**Directions for this task:** Keep the text of the data exactly as it is and omit each picture from the copy.

Phrase grounding data:

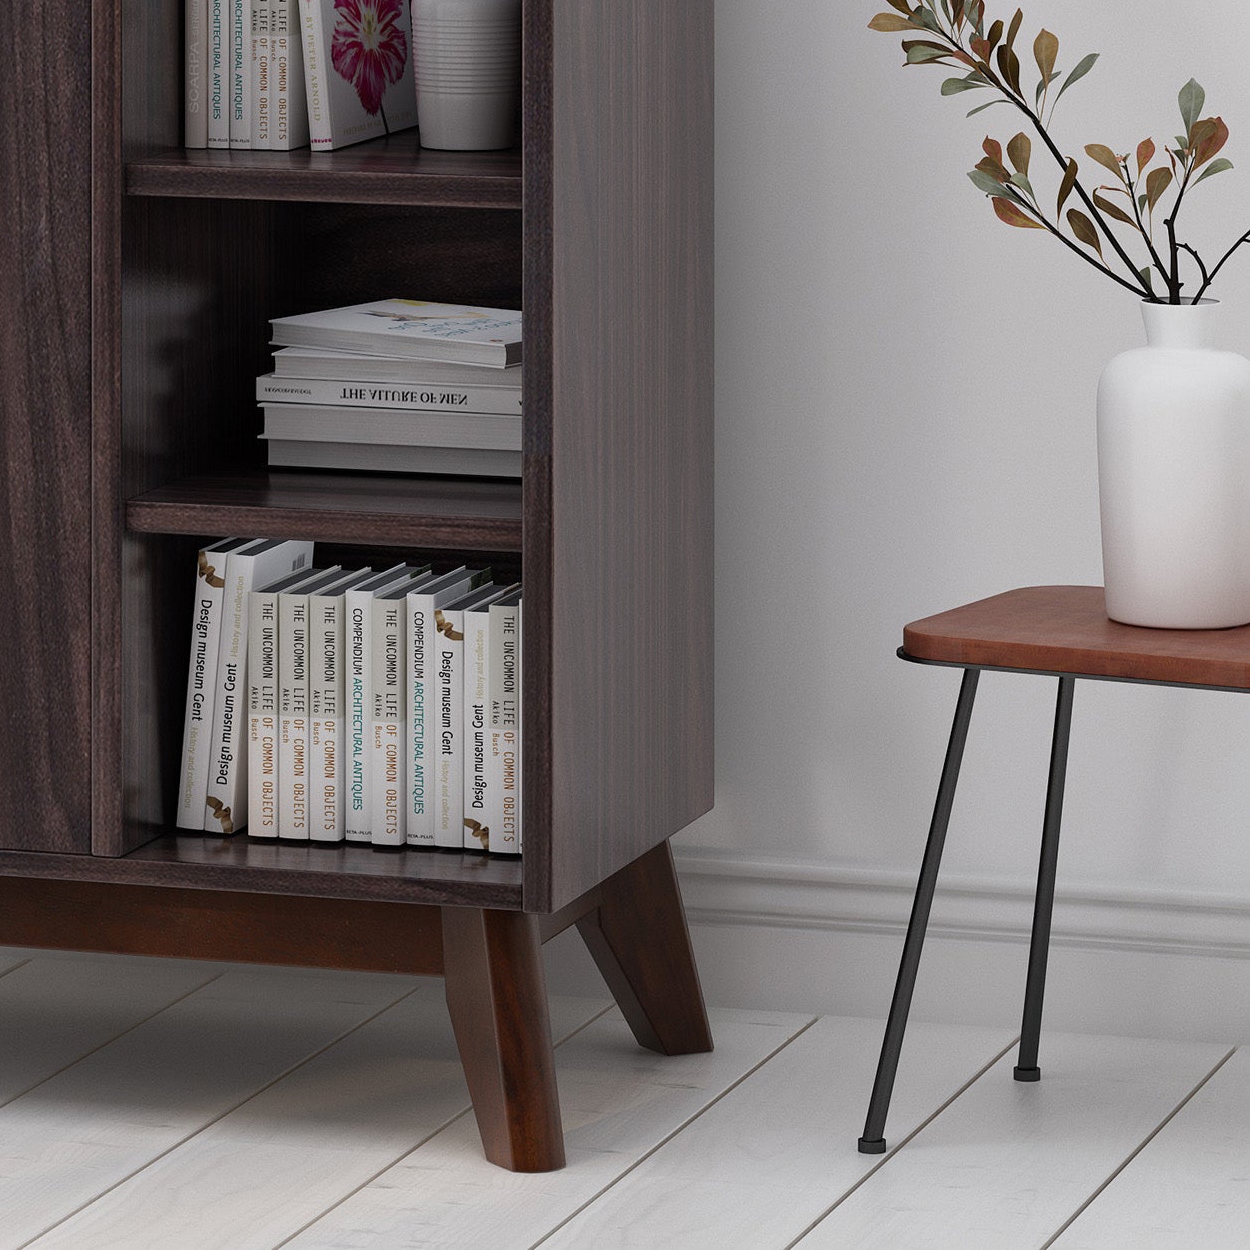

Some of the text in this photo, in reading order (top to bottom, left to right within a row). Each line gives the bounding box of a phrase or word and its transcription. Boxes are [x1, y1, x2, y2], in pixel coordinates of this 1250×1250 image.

[260, 9, 268, 31] LIFE
[278, 10, 286, 32] LIFE
[306, 16, 313, 29] BY
[260, 38, 268, 50] OF
[278, 38, 286, 50] OF
[308, 35, 316, 70] PETER
[188, 41, 200, 113] SCARPA
[260, 56, 268, 91] COMMON
[278, 56, 286, 92] COMMON
[212, 72, 221, 120] ANTIQUES
[234, 73, 243, 120] ANTIQUES
[311, 75, 321, 121] ARNOLD
[260, 98, 268, 140] OBJECTS
[278, 98, 286, 140] OBJECTS
[235, 576, 244, 612] collection
[196, 600, 212, 638] Design
[230, 631, 240, 657] History
[194, 641, 206, 689] museum
[224, 663, 237, 690] Gent
[439, 651, 453, 684] Design
[192, 693, 204, 721] Gent
[222, 696, 234, 742] museum
[262, 603, 273, 826] THE UNCOMMON LIFE OF COMMON OBJECTS
[294, 604, 304, 828] THE UNCOMMON LIFE OF COMMON OBJECTS
[324, 606, 335, 830] THE UNCOMMON LIFE OF COMMON OBJECTS
[351, 608, 362, 810] COMPENDIUM ARCHITECTURAL ANTIQUES
[386, 609, 397, 834] THE UNCOMMON LIFE OF COMMON OBJECTS
[412, 611, 424, 814] COMPENDIUM ARCHITECTURAL ANTIQUES
[442, 687, 450, 728] museum
[472, 704, 483, 728] Gent
[442, 731, 453, 755] Gent
[492, 701, 500, 756] Akiko Busch
[504, 616, 515, 842] THE UNCOMMON LIFE OF COMMON OBJECTS
[216, 744, 232, 785] Design
[441, 760, 449, 782] History
[475, 732, 483, 772] museum
[472, 776, 487, 809] Design
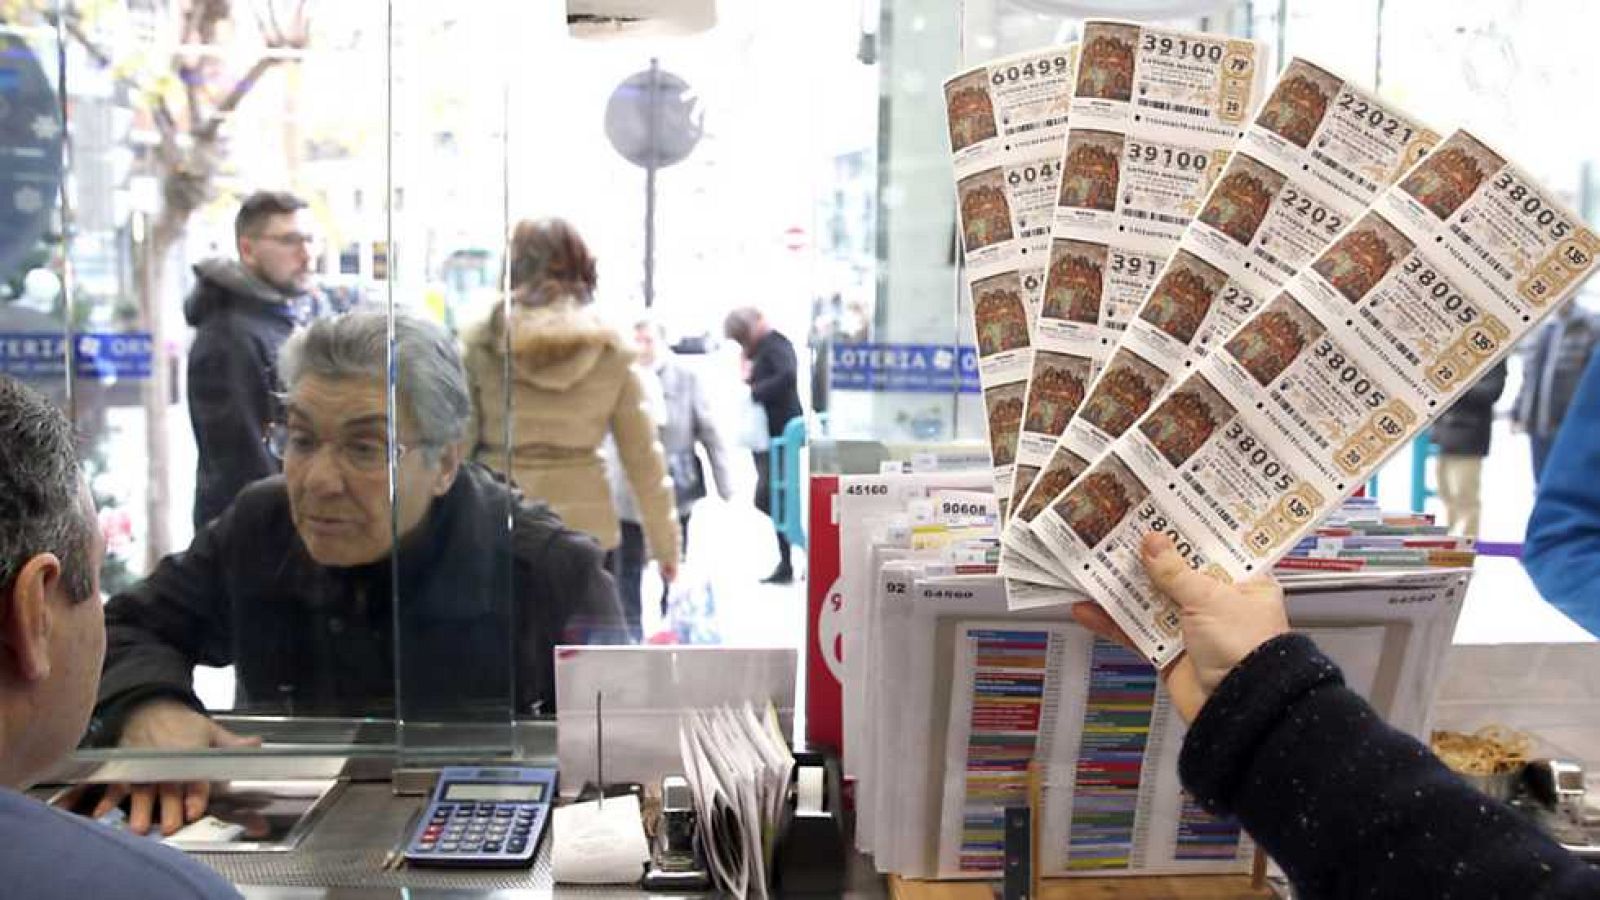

**Output of the exercise:**
Some of the text in this photo, in reading order (top to bottom, left to right within a row). Each line gives the bounding box of a phrase or word and its transcription. Boxes are [x1, y1, x2, y2], in pixel coordinates of this 1250×1250 image.

[260, 9, 268, 31] LIFE
[278, 10, 286, 32] LIFE
[306, 16, 313, 29] BY
[260, 38, 268, 50] OF
[278, 38, 286, 50] OF
[308, 35, 316, 70] PETER
[188, 41, 200, 113] SCARPA
[260, 56, 268, 91] COMMON
[278, 56, 286, 92] COMMON
[212, 72, 221, 120] ANTIQUES
[234, 73, 243, 120] ANTIQUES
[311, 75, 321, 121] ARNOLD
[260, 98, 268, 140] OBJECTS
[278, 98, 286, 140] OBJECTS
[235, 576, 244, 612] collection
[196, 600, 212, 638] Design
[230, 631, 240, 657] History
[194, 641, 206, 689] museum
[224, 663, 237, 690] Gent
[439, 651, 453, 684] Design
[192, 693, 204, 721] Gent
[222, 696, 234, 742] museum
[262, 603, 273, 826] THE UNCOMMON LIFE OF COMMON OBJECTS
[294, 604, 304, 828] THE UNCOMMON LIFE OF COMMON OBJECTS
[324, 606, 335, 830] THE UNCOMMON LIFE OF COMMON OBJECTS
[351, 608, 362, 810] COMPENDIUM ARCHITECTURAL ANTIQUES
[386, 609, 397, 834] THE UNCOMMON LIFE OF COMMON OBJECTS
[412, 611, 424, 814] COMPENDIUM ARCHITECTURAL ANTIQUES
[442, 687, 450, 728] museum
[472, 704, 483, 728] Gent
[442, 731, 453, 755] Gent
[492, 701, 500, 756] Akiko Busch
[504, 616, 515, 842] THE UNCOMMON LIFE OF COMMON OBJECTS
[216, 744, 232, 785] Design
[441, 760, 449, 782] History
[475, 732, 483, 772] museum
[472, 776, 487, 809] Design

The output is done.